Avec La Mort à Venise, La Montage magique est l'ouvrage le plus célèbre de Thomas Mann, Prix Nobel de littérature cuvée 1929.
L'histoire est celle de Hans Castorp, un jeune ingénieur qui se rend de Hambourg,
sa ville natale, à Davos-Platz, station en Suisse, pour passer trois semaines auprès de son cousin en traitement à Berghof, un sanatorium. En fait, Hans Castorp y restera 7 ans, envoûté par la vie des "gens de là-haut" qui semblent vivre hors du temps et qui forment un microcosme étonnant au sein d'une société où la mort est omniprésente. Dans cet ouvrage singulier cohabitent le fantastique, l'humour (l'évacuation des cadavres par la piste de bosbsleigh...) mais aussi la sensualité incarnée par la belle Clawdia, troublante pensionnaire venue du Caucase.
L'écrivain allemand connaît bien l'univers feutré et un peu inquiétant des sanatoriums : sa femme Katia fut patiente de l'un d'eux, à Davos précisement, en 1912 et cette fascination lucide pour la mort, Thomas Mann, loin de la nier, la revendique plutôt. L'année précédant la sortie de l'ouvrage, en 1923, lors d'une conférence, il déclare : " L'intérêt pour la mort et la maladie n'est qu'une forme d'expression de l'intérêt pour la vie. Montrer l'expérience de la mort est finalement une expérience de la vie, qu'elle conduit à l'homme, pourrait faire l'objet d'un roman de formation."
En 1939, Thomas Mann définissait son roman comme un " document de l’état d’esprit et de la problématique spirituelle de l’Europe dans le premier quart du XXe siècle ".
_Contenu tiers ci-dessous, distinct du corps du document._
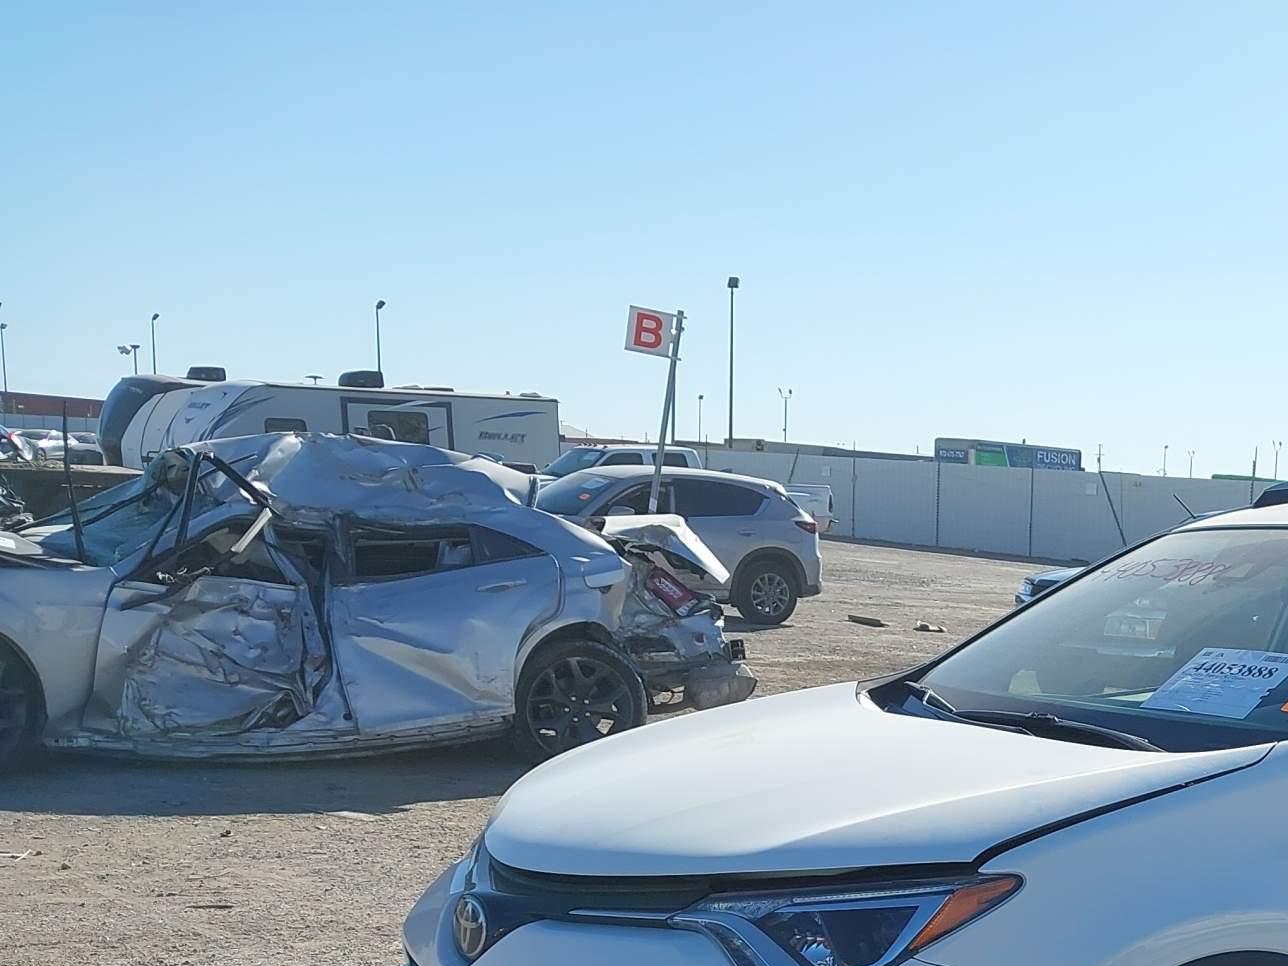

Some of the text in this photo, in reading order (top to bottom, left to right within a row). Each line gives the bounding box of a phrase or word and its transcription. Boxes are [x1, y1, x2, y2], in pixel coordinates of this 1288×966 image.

[633, 312, 663, 349] B
[1037, 450, 1077, 466] FUSION
[1193, 660, 1280, 680] 44053888
Claire de Oliveira signe aujourd'hui une nouvelle traduction. Elle aura nécessité cinq ans de travail. Son premier traducteur, Maurice Betz, avait mis un an pour accomplir la tâche. C'était en 1931.
Subtilités retrouvées, humour, on peut aujourd'hui évoquer un travail de restauration littéraire au sujet de cet ouvrage majeur du siècle passé.
Entretien avec Claire de Oliveira.
Le travail que vous avez accompli s'est appuyé sur le manuscrit original et sur la traduction française de 1931 ?
Pour travailler, j'ai seulement utilisé le texte original pour ne pas subir d'influences négatives. Il va de soi qu'après avoir terminé une traduction, on peut aussi regarder ce qu'a fait le prédécesseur pour voir quelles sont les caractéristiques de la traduction. Quand on m'a confié ce travail on m'a dit : "Ne faites surtout pas comme Maurice Beitz en 1931 !" (rires) Il fallait que j'en prenne connaissance mais je l'ai fait après ma traduction.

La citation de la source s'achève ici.